HA‐966 (1‐hydroxy‐3‐aminopyrrolidone‐2) is an antagonist at the glycine allosteric site of the N ‐methyl‐d‐aspartate receptor ionophore complex. Unlike presently known glycine antagonists, HA‐966 is chiral. We report stereoselectivity for the ( R )‐enantiomer at the glycine antagonist site. In [ 3 H]glycine binding, the ( R )‐enantiomer has an IC 50 of 4.1 ± 0.6 μ M . The racemic mixture has an IC 50 of 11.2 ± 0.5 μ M , whereas ( S )‐HA‐966 has an IC 50 greater than 900 μ M . In glycine‐stimulated [ 3 H]l‐[1‐(2‐thienyl)cyclohexyl] piperidine binding, the ( R )‐enantiomer inhibits with an IC 50 of 121 ± 61μ M , whereas the racemic mixture has an IC 50 of 216 ± 113 μ M and ( S) ‐HA‐966 is inactive.

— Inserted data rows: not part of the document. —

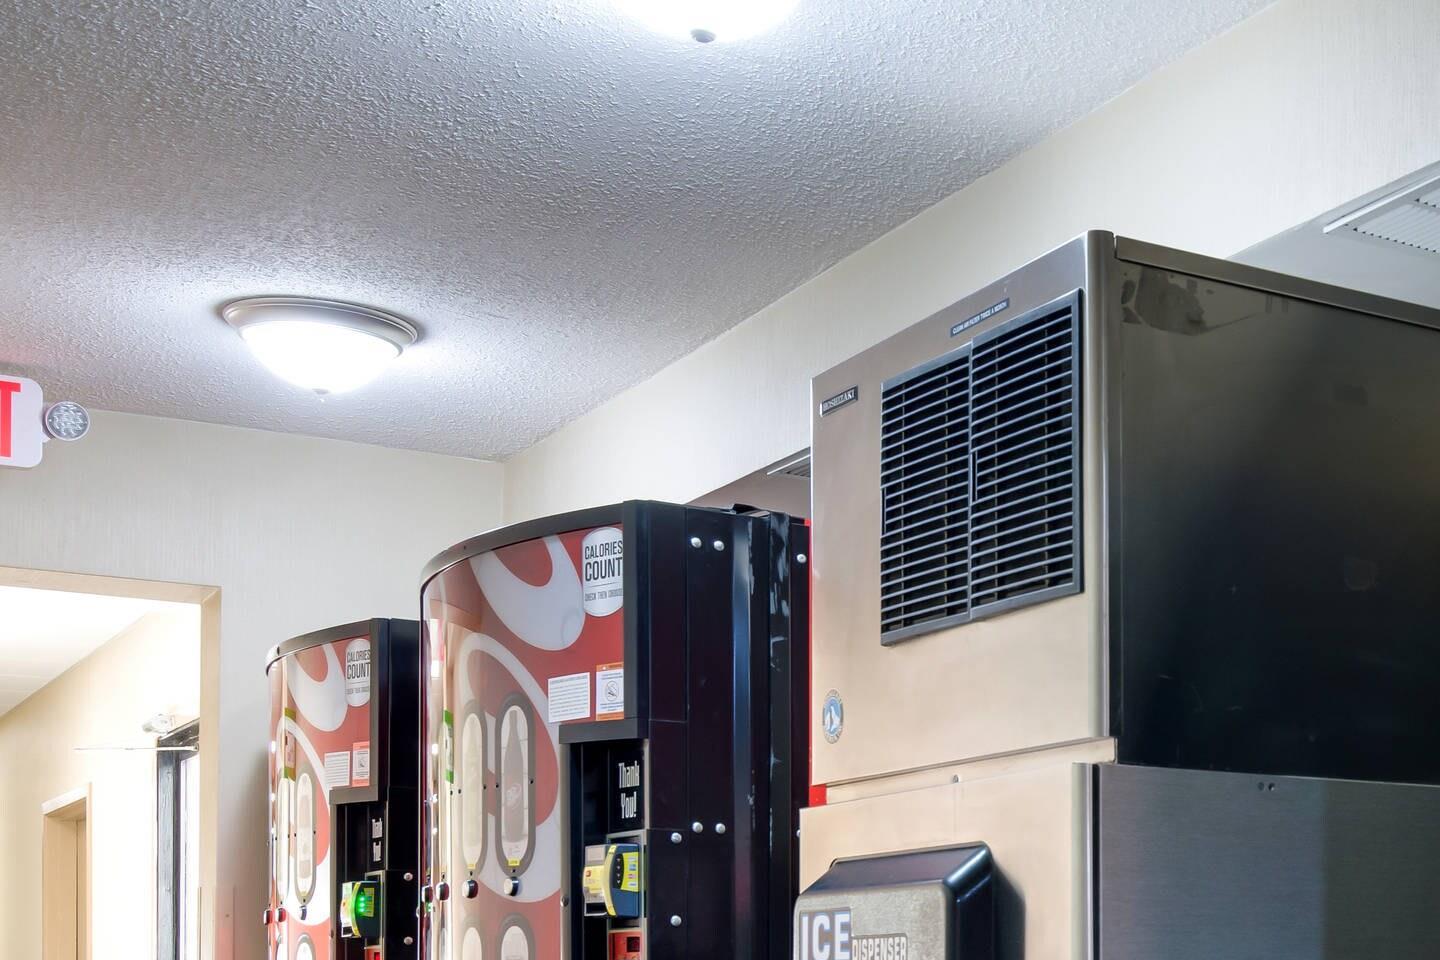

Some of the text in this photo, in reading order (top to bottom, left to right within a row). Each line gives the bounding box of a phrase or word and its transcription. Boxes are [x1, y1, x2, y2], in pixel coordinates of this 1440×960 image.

[585, 541, 623, 560] CALORIES
[585, 557, 623, 582] COUNT
[347, 650, 370, 663] CALORIES
[347, 662, 370, 679] COUNT
[618, 760, 640, 789] Thank
[621, 791, 637, 819] You!

The inhibition by ( R )‐HA‐966 can be prevented by the addition of glycine. ( R )‐HA‐966 and racemic HA‐966, but not ( S ) HA‐966, also prevent N ‐methyl‐d‐aspartate cytotoxicity in cortical cultures. The ( R )‐enantiomer and, less potently, the ( S )‐enantiomer inhibit N ‐methyl‐d‐aspartate‐evoked [ 3 H]norepinephrine release from rat hippocampal slices (IC 50 values of about 0.3 m M and 1.6 m M , respectively), but only the inhibition by ( R )‐HA‐966 is reversed by added glycine. In glutamate‐evoked contractions of the guinea pig ileum, ( R )‐HA‐966 causes a glycine‐reversible inhibition (IC 50 of about 150 μ M ), whereas ( S )‐HA‐966 is much less potent (IC 50 of greater than 1 mM ). These results demonstrate stereoselectivity of the glycine antagonist site of the N ‐methyl‐d‐aspartate receptor complex in a variety of tissues and assays. The stereoselectivity also confirms the specificity of N ‐methyl‐d‐aspartate receptors in glutamate‐evoked contractions of the guinea pig ileum, and supports their similarity to central N ‐methyl‐d‐aspartate receptors.